PDB offers to download a fasta file containing one sequence per individual chain. This file is very useful and I use it routinely for checking if there is an available structure that is related to my sequences of interest.
Every now and then, a sequence search finds a decent hit, but when I download the structure, I notice that the sequence region matching my query is not present in the file. I am not much of a structure expert, so I can't give a definitve explanation for this. I assume that the downloadable FASTA sequence is what the scientists use for their experiments and the missing parts are the bits that were not resolved. Other explanations may also apply. What I would be interested in is a FASTA file corresponding to the part of PDB for which there is an actual structure (with coordinates and everything).
Edit: Here is one example: The PDB file 2H9E(chain C) is reported to have the sequence:
The SIFT annotation, as proposed by Khader, maps this to Uniprot entry Q16938, residues 8-91 (which results in the same sequence as that shown above). So far, so good. However, when I look at the structure (or even try to use it for homology modeling), I notice that the structure starts at CGE... (without the first 5 residues) and ends with ..PGTR (without the last residue).
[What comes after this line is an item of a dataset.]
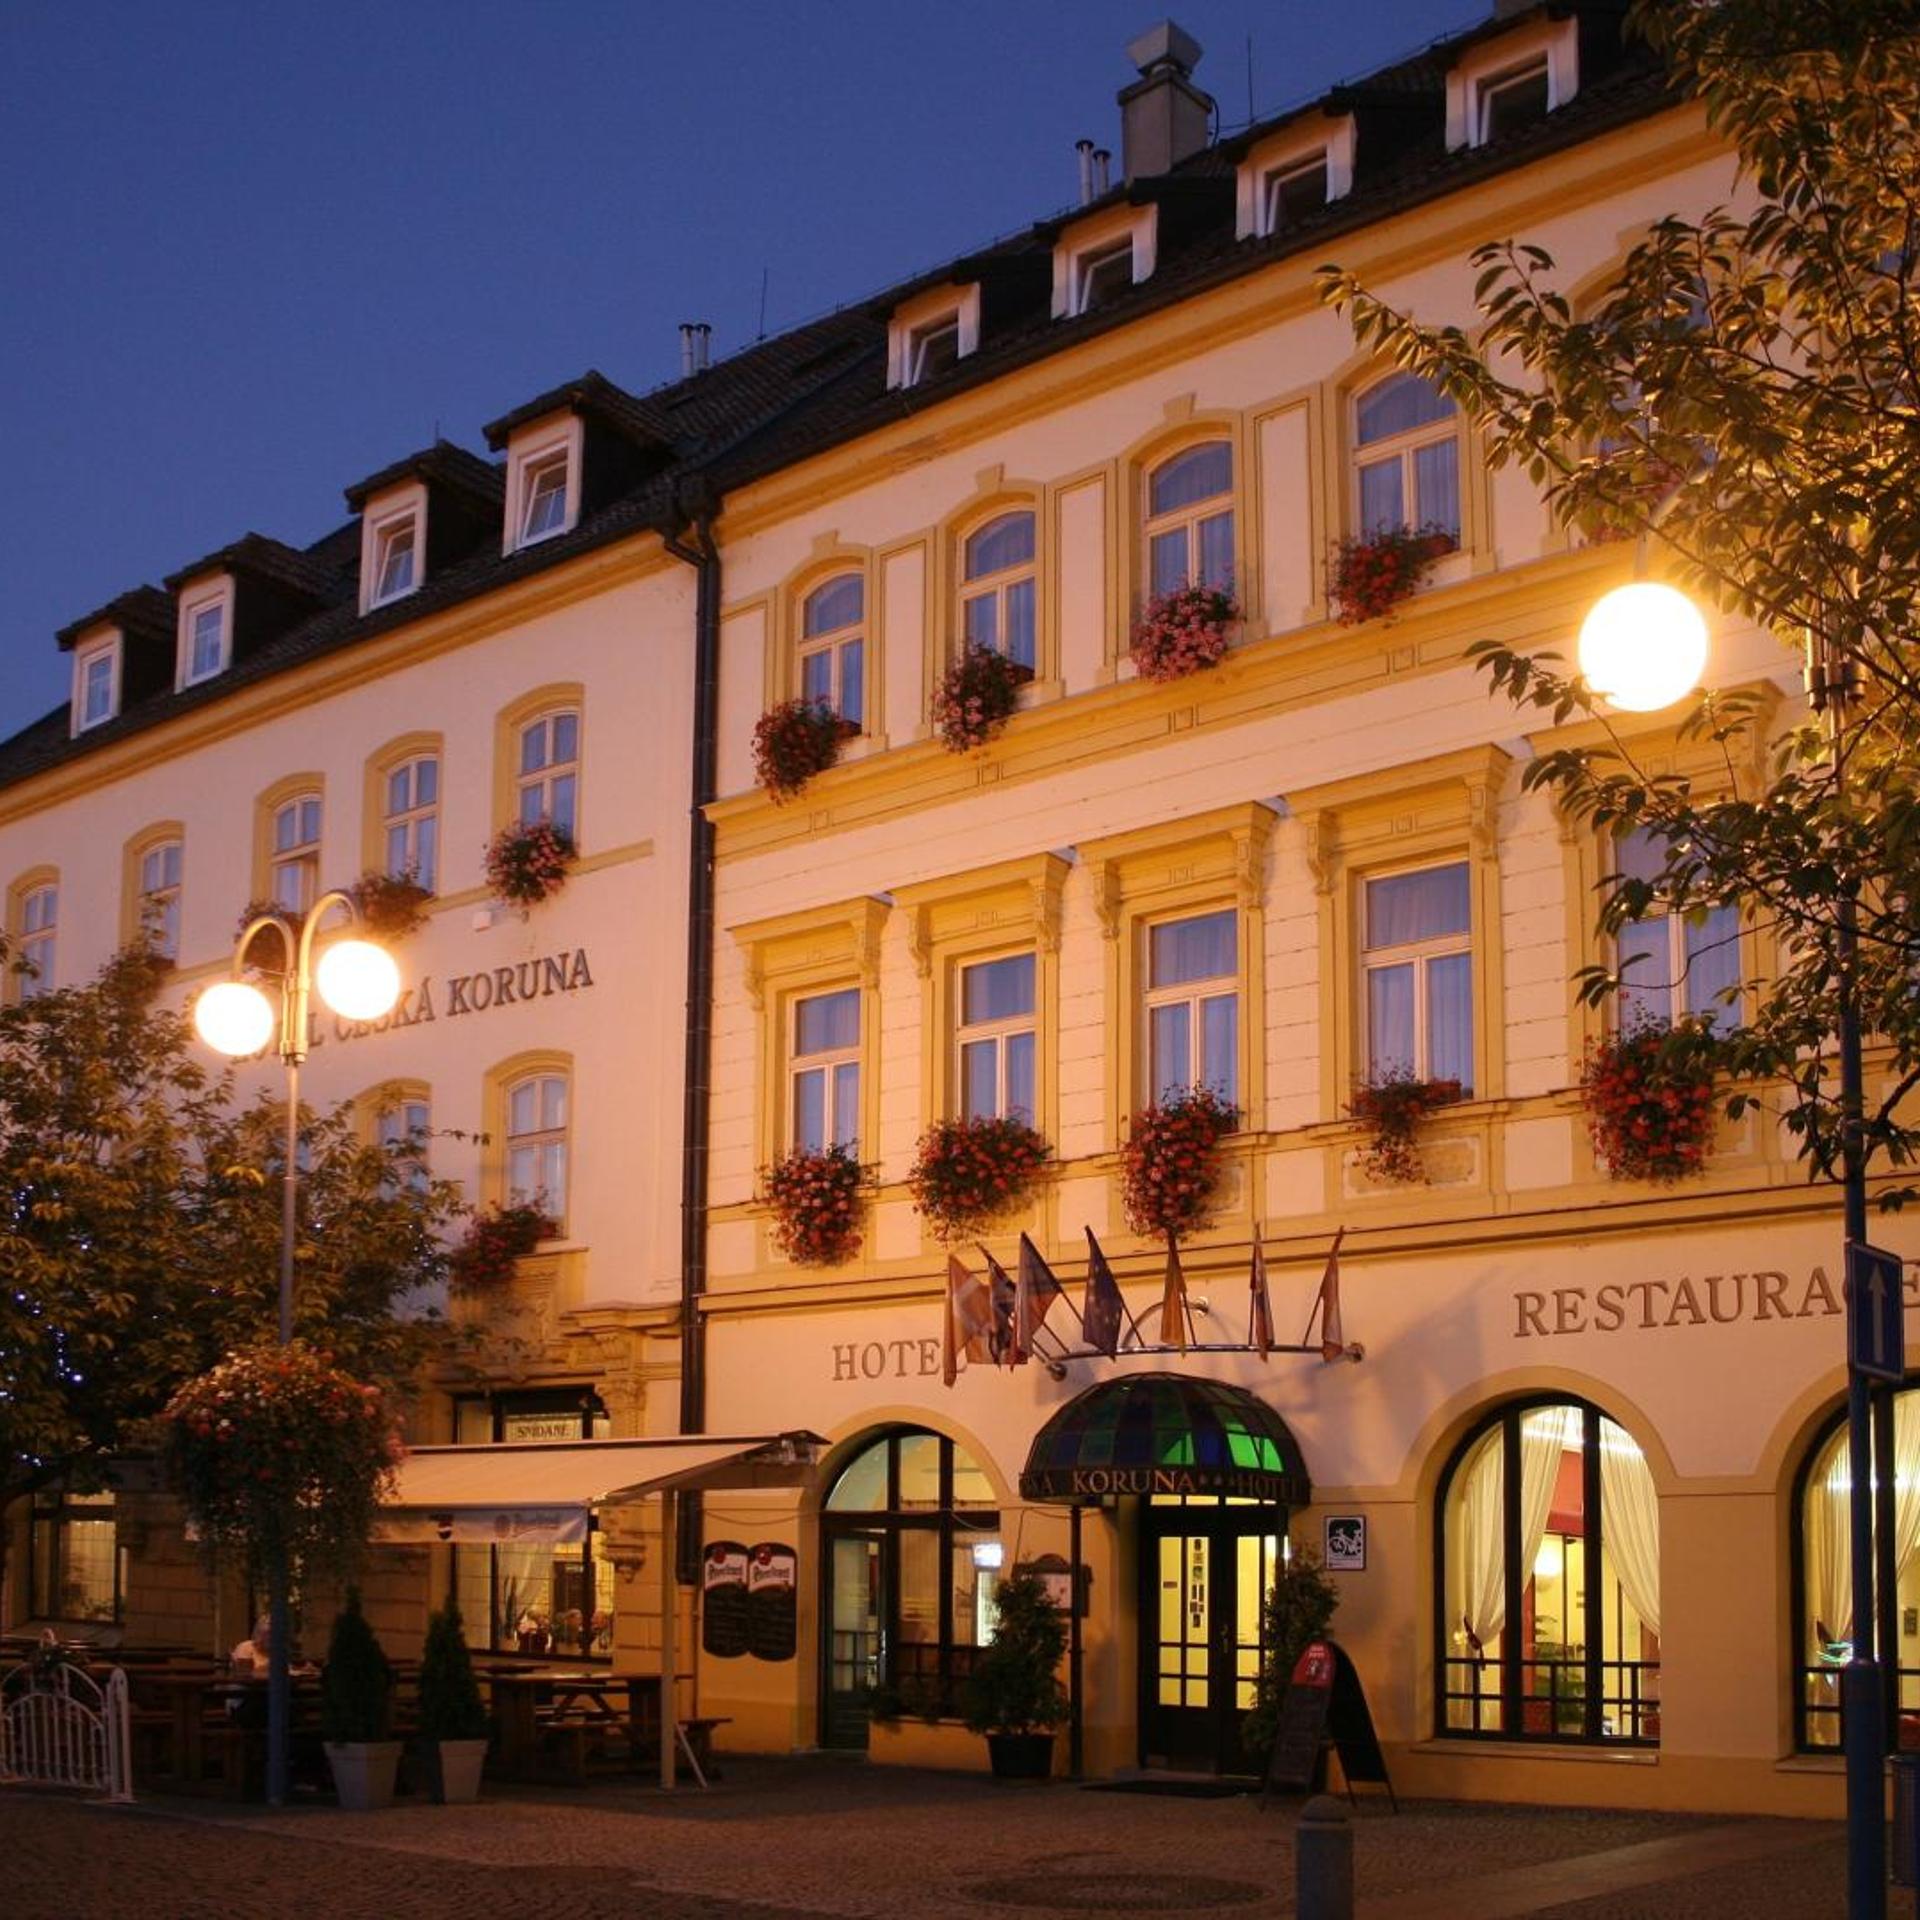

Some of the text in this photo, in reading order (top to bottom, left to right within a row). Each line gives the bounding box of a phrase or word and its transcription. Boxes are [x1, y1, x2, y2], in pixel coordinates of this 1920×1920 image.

[446, 948, 593, 1017] KORUNA
[1513, 1258, 1920, 1338] RESTAURA
[1073, 1469, 1195, 1495] KORUNA
Moreover, there are some residues missing in the middle of the structure. I completely understand WHY they are missing, but it would be nice if there were a way to extract the usable sequence. Ideally on a database-wide scale, because this would allow me to do searches and look for the optimal template (maybe there is a better-resolved structure). Failing that, it would be nice to extract the usuable sequence from a given pdb entry. It is possible that the 'joy' package recommended by Khader does just that, but it may be used only by people in academia. No joy for me.
While we're at it: is anybody aware of a simple tool that allows to renumber the residues in the pdb coordinate files? The authors don't appear to be consistent with their use of coordinates - sometimes they start at 1, sometimes the numbers apply to the whole protein (and not just the part present in the structure). These two questions are in a way related, as I would like to work with coordinates that are in agreement with the FASTA file of the sequence.